▼

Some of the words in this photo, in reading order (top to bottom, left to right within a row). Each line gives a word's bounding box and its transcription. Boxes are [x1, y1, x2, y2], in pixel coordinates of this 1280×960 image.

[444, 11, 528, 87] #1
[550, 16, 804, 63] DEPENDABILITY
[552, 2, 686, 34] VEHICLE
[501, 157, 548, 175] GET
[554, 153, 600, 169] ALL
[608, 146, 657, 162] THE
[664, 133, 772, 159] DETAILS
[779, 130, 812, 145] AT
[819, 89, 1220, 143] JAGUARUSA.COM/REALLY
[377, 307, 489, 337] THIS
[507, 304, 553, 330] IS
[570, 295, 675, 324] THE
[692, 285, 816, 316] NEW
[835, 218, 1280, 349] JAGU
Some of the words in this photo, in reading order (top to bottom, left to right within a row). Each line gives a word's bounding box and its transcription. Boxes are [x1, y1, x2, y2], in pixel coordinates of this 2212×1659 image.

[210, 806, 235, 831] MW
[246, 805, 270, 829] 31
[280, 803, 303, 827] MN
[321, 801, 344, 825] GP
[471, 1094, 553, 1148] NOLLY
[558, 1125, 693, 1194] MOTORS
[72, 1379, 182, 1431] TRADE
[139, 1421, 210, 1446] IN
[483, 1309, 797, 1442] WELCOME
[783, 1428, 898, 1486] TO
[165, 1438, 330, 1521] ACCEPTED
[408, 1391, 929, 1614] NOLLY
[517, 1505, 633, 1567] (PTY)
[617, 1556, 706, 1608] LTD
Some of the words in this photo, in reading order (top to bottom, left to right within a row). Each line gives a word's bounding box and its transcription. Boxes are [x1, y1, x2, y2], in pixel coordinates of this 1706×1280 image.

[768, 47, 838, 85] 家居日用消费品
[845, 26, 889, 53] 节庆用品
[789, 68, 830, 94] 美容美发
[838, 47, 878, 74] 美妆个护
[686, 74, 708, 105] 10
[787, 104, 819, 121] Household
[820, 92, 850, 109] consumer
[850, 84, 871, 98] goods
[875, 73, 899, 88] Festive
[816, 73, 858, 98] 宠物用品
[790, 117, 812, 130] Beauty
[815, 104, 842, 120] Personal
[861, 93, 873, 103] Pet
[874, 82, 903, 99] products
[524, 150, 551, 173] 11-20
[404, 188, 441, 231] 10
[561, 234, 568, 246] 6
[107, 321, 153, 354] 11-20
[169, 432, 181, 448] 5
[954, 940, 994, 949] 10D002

▲

** The task **
The whole listing above is to be restated word for word.

** Exercise answer **
Some of the words in this photo, in reading order (top to bottom, left to right within a row). Each line gives a word's bounding box and its transcription. Boxes are [x1, y1, x2, y2], in pixel coordinates of this 1280×960 image.

[444, 11, 528, 87] #1
[550, 16, 804, 63] DEPENDABILITY
[552, 2, 686, 34] VEHICLE
[501, 157, 548, 175] GET
[554, 153, 600, 169] ALL
[608, 146, 657, 162] THE
[664, 133, 772, 159] DETAILS
[779, 130, 812, 145] AT
[819, 89, 1220, 143] JAGUARUSA.COM/REALLY
[377, 307, 489, 337] THIS
[507, 304, 553, 330] IS
[570, 295, 675, 324] THE
[692, 285, 816, 316] NEW
[835, 218, 1280, 349] JAGU
Some of the words in this photo, in reading order (top to bottom, left to right within a row). Each line gives a word's bounding box and its transcription. Boxes are [x1, y1, x2, y2], in pixel coordinates of this 2212×1659 image.

[210, 806, 235, 831] MW
[246, 805, 270, 829] 31
[280, 803, 303, 827] MN
[321, 801, 344, 825] GP
[471, 1094, 553, 1148] NOLLY
[558, 1125, 693, 1194] MOTORS
[72, 1379, 182, 1431] TRADE
[139, 1421, 210, 1446] IN
[483, 1309, 797, 1442] WELCOME
[783, 1428, 898, 1486] TO
[165, 1438, 330, 1521] ACCEPTED
[408, 1391, 929, 1614] NOLLY
[517, 1505, 633, 1567] (PTY)
[617, 1556, 706, 1608] LTD
Some of the words in this photo, in reading order (top to bottom, left to right within a row). Each line gives a word's bounding box and its transcription. Boxes are [x1, y1, x2, y2], in pixel coordinates of this 1706×1280 image.

[768, 47, 838, 85] 家居日用消费品
[845, 26, 889, 53] 节庆用品
[789, 68, 830, 94] 美容美发
[838, 47, 878, 74] 美妆个护
[686, 74, 708, 105] 10
[787, 104, 819, 121] Household
[820, 92, 850, 109] consumer
[850, 84, 871, 98] goods
[875, 73, 899, 88] Festive
[816, 73, 858, 98] 宠物用品
[790, 117, 812, 130] Beauty
[815, 104, 842, 120] Personal
[861, 93, 873, 103] Pet
[874, 82, 903, 99] products
[524, 150, 551, 173] 11-20
[404, 188, 441, 231] 10
[561, 234, 568, 246] 6
[107, 321, 153, 354] 11-20
[169, 432, 181, 448] 5
[954, 940, 994, 949] 10D002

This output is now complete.